与社交网络上的数据挖掘和游戏相关的资源
我对社交网络游戏玩家之间的模式挖掘问题感兴趣。例如,根据公司的用户数据库检测游戏的作弊者。到目前为止,我一直遵循数据挖掘项目的常规方法:
- 构建一个聚合重要信息的数据仓库
- 选择一个分类器,并使用仓库中的一小部分记录对其进行训练
- 使用另一个测试集验证分类器
- 起泡,冲洗,重复
令人惊讶的,我在这个领域发现的有关文献、最佳实践等的资料很少。我希望在这里众包信息收集问题。具体来说,我正在寻找:
- 分类器对于这种类型的模式挖掘有效(它似乎非常暂时,用户玩游戏,用户接收奖励,用户转移奖品等)。
- 社交网络/游戏数据是否有任何高度一致的特定属性?
- 应考虑的实际信息量是多少?我遇到的一个问题是数据过载,查询和数据清理可能需要几天才能完成。
- 与上述观点相关,需要哪些硬件资源才能产生结果?我发现很难估计生产使用所需的计算能力。很明显,角落里的白盒子没有足够的马力来完成这样的项目。公司普遍采用云解决方案吗?他们购买集群吗?
基本上,任何有关实施社交网络/游戏模式挖掘程序的资源(理论、学术或实践)都将受到非常赞赏。
谢谢。
I'm interested in the problem of patterning mining among players of social networking games. For example detecting cheaters of a game, given a company's user database. So far I have been following the usual recipe for a data mining project:
- construct a data warehouse that aggregates significant information
- select a classifier, and train it with a subsectio of records from the warehouse
- validate classifier with another test set
- lather, rinse, repeat
Surprisingly, I've found very little in this area regarding literature, best practices, etc. I am hoping to crowdsource the information gathering problem here. Specifically what I'm looking for:
- What classifiers have worked will for this type of pattern mining (it seems highly temporal, users playing games, users receiving rewards, users transferring prizes etc).

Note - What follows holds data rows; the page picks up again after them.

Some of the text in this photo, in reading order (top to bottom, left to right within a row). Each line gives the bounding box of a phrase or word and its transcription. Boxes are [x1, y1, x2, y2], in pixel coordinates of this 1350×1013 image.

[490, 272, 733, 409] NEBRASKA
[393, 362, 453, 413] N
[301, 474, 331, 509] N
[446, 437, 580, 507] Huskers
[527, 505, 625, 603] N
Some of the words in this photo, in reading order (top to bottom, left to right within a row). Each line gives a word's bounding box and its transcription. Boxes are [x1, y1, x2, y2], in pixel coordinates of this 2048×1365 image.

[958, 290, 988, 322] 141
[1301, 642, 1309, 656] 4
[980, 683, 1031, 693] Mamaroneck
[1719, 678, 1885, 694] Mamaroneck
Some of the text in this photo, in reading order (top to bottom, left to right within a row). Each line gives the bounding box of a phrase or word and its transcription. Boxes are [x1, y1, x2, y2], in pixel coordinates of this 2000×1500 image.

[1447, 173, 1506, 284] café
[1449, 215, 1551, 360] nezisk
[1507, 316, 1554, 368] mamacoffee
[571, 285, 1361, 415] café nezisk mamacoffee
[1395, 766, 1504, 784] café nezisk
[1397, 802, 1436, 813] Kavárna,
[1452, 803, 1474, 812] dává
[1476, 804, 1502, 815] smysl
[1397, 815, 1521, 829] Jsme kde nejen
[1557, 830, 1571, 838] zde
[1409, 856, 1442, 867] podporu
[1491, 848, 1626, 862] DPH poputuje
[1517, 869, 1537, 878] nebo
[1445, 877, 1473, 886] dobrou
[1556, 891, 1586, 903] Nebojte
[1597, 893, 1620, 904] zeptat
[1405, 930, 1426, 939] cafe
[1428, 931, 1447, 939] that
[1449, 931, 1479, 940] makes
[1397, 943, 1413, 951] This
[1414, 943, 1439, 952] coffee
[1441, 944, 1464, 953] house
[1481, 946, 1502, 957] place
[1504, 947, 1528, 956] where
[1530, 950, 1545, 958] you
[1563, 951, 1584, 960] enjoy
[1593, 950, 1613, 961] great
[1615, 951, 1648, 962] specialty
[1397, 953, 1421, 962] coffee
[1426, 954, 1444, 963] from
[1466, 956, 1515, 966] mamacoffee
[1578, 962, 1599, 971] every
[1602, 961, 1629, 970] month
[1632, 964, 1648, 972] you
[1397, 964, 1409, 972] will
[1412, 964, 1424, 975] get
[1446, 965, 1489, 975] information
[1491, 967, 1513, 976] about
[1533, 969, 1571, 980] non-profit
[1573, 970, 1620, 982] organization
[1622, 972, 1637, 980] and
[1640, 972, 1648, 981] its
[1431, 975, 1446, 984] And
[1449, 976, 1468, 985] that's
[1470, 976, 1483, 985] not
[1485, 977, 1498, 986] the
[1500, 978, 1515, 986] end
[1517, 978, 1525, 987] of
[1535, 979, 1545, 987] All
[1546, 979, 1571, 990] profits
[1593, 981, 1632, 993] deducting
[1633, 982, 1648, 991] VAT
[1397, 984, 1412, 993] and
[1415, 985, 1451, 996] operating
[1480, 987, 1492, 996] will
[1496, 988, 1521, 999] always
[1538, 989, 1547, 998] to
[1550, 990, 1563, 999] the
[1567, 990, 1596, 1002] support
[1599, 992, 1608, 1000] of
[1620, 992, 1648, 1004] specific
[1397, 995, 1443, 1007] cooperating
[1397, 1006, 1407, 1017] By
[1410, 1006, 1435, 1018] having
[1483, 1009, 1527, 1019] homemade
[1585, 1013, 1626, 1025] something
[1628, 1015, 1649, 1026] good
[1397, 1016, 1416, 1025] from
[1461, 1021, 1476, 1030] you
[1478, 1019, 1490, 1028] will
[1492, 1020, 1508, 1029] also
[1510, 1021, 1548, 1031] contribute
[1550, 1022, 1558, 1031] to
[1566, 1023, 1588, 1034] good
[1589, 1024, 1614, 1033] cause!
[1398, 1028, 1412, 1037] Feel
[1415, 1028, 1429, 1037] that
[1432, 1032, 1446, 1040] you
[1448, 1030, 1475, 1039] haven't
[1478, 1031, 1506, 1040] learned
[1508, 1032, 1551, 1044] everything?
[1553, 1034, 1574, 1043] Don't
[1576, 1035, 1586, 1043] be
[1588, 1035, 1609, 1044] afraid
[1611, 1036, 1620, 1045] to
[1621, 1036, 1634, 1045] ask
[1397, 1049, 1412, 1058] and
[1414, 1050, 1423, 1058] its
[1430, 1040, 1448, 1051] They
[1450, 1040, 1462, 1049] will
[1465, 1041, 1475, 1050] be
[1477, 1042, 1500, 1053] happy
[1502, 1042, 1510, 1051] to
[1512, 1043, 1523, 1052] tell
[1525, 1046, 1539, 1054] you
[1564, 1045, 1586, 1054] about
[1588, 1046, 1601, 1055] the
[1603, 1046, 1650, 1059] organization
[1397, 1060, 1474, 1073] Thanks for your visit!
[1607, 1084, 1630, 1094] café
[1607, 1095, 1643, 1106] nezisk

- Are there any highly agreed upon attributes specific to social networking / gaming data?
- What is a practical amount of information that should be considered? One problem I've run into is data overload, where queries and data cleansing may take days to complete.
- Related to point above, what hardware resources are required to produce results? I've found it difficult to estimate the amount of computing power I will require for production use. It has become apparent that a white box in the corner does not have enough horse-power for such a project. Are companies generally resorting to cloud solutions? Are they buying clusters?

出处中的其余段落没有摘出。